*** Opening of INPUT MATERIAL ***

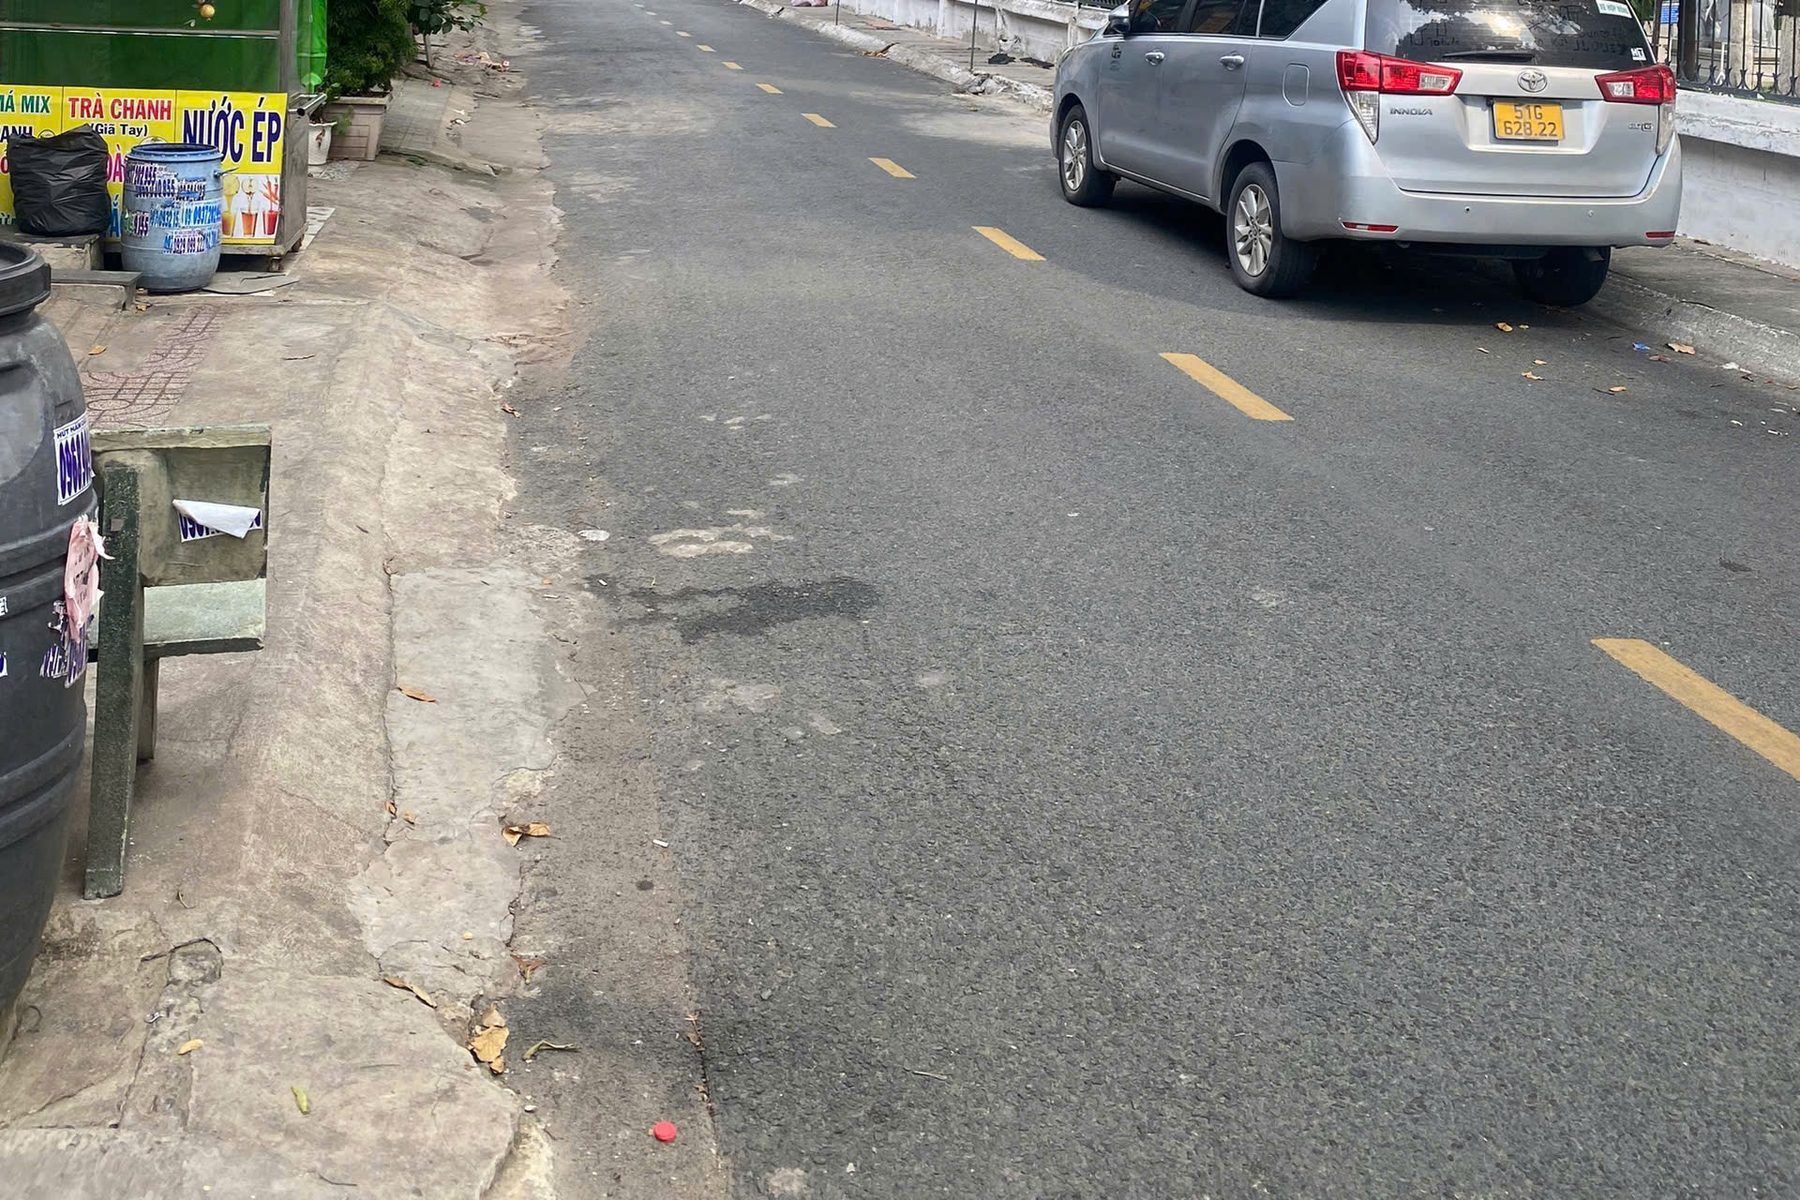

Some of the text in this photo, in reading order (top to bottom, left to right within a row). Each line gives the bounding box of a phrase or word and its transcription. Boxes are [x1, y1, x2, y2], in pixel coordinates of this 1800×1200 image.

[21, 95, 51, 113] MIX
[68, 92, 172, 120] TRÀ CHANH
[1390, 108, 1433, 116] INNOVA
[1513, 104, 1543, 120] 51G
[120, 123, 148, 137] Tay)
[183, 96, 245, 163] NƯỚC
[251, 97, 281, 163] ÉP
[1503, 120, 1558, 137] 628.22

*** Close of INPUT MATERIAL ***

• TASK DIRECTIONS:
Copy all records exactly, no images.

• REPLY TO THE EXERCISE:
Some of the text in this photo, in reading order (top to bottom, left to right within a row). Each line gives the bounding box of a phrase or word and its transcription. Boxes are [x1, y1, x2, y2], in pixel coordinates of this 1800×1200 image.

[21, 95, 51, 113] MIX
[68, 92, 172, 120] TRÀ CHANH
[1390, 108, 1433, 116] INNOVA
[1513, 104, 1543, 120] 51G
[120, 123, 148, 137] Tay)
[183, 96, 245, 163] NƯỚC
[251, 97, 281, 163] ÉP
[1503, 120, 1558, 137] 628.22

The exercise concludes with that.